The Dow Jones rose 450 points after strong GDP data, as investors faced a "hard hit" from the US Fed's Powell. Gross domestic product has seen growth in the last quarter, but it has largely been driven by inventory. Stocks posted strong gains on Thursday morning, finding support after reading much stronger than expected fourth-quarter economic growth and Federal Reserve Chair Jerome Powell's hint that the central bank is planning to rate several rates after recovering from weakness in the previous session. This year's hikes.

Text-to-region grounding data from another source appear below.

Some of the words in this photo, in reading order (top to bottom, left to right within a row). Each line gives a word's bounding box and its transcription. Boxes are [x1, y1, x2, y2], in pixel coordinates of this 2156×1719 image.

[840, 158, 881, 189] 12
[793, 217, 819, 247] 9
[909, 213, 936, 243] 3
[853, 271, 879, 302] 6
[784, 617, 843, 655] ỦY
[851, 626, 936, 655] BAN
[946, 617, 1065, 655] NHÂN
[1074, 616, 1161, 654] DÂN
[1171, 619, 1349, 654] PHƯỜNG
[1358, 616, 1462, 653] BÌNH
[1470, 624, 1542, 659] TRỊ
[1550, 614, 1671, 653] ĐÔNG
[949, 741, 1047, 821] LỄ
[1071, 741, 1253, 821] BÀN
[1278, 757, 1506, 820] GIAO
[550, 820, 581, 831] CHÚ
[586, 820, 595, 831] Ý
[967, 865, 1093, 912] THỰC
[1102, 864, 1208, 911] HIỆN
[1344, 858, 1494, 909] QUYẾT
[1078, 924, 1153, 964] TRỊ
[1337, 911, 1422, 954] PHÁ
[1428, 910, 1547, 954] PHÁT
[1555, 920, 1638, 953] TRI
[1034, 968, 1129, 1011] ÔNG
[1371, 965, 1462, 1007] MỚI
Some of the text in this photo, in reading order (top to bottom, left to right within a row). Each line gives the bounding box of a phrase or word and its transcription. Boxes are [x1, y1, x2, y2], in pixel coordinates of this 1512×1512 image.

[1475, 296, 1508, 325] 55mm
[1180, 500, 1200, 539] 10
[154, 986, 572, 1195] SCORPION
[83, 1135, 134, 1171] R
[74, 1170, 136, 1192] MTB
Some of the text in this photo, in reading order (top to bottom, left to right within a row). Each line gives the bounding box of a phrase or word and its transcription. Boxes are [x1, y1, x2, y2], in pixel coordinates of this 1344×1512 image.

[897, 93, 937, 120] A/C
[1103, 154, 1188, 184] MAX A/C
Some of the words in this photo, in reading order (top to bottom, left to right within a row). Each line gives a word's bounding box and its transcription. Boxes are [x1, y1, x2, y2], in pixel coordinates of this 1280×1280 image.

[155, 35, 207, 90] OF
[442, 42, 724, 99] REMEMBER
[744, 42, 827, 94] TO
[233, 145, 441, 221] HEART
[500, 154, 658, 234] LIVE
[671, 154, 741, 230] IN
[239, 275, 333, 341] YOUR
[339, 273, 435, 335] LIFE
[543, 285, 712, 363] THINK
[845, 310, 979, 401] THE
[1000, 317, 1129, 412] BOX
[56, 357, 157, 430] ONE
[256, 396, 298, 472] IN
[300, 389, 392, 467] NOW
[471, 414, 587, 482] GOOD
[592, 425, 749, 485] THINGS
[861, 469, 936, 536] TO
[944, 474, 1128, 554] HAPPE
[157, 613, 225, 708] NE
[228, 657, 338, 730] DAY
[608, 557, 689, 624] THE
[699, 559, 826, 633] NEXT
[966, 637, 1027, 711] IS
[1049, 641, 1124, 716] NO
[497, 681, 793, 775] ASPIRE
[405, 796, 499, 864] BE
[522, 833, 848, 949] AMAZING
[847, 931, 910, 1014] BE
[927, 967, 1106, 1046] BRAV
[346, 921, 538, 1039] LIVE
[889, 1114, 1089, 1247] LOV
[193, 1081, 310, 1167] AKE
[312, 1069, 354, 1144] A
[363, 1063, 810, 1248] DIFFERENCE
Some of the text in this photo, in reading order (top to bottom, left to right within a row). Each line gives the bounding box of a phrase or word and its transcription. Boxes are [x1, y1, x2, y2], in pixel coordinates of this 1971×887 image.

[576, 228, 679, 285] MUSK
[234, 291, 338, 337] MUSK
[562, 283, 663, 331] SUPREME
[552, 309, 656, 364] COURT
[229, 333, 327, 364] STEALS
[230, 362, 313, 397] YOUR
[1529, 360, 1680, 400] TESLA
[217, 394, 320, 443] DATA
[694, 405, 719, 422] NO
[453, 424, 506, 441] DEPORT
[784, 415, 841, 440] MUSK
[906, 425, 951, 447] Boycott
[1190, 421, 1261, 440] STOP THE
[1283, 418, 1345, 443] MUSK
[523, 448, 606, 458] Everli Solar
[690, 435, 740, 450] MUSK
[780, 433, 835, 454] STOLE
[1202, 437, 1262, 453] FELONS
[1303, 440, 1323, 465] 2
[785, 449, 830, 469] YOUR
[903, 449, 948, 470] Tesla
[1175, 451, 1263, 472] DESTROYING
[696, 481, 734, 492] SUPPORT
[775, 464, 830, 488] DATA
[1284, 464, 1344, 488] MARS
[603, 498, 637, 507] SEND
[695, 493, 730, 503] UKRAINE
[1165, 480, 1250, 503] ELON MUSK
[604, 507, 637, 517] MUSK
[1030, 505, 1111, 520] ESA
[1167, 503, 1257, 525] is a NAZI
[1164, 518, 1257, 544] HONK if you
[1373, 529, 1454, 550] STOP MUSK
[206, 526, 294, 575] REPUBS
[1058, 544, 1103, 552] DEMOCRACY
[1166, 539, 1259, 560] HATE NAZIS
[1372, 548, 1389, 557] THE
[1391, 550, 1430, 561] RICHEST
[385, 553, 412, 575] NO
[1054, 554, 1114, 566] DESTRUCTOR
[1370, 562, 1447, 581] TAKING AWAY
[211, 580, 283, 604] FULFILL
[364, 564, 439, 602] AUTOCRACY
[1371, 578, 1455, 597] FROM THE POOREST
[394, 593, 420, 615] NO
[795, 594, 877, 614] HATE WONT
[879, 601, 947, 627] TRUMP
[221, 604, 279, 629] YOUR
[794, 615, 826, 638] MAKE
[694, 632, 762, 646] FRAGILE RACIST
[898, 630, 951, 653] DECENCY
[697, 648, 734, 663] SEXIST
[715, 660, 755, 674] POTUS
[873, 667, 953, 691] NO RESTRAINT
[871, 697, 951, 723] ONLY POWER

The Dow Jones rose 450 points
The Dow Jones rose 450 points after strong GDP data

What's going on
The Dow Jones Industrial Average was up + 0.16%, 458.43 points, or 1.3%, at 3,4626.52, after rising 600 points in early session highs.
The S&P 500 SPX rose -0.21% to 56.28 points, or 1.3%, to 4,406.21 points.
The Nasdaq Composite Index traded up -0.62% at 109.24 points, or 0.8%, at 13,651.36.
On Wednesday, the Dow Jones fell 0.4% and the S&P 500 fell 0.2%, giving stocks gains during Powell's press conference, while the Nasdaq Composite posted small gains.

What drives the market
United States. The economy accelerated towards the end of 2021 before the late Crowd of Omicron, the fourth quarter grew at an annual rate of 6.9% as consumers spent more and business recovered. According to a Wall Street Journal survey, economists expect GDP to grow 5.5% in the fourth quarter after a slowdown of 2.3% year-on-year in the third quarter.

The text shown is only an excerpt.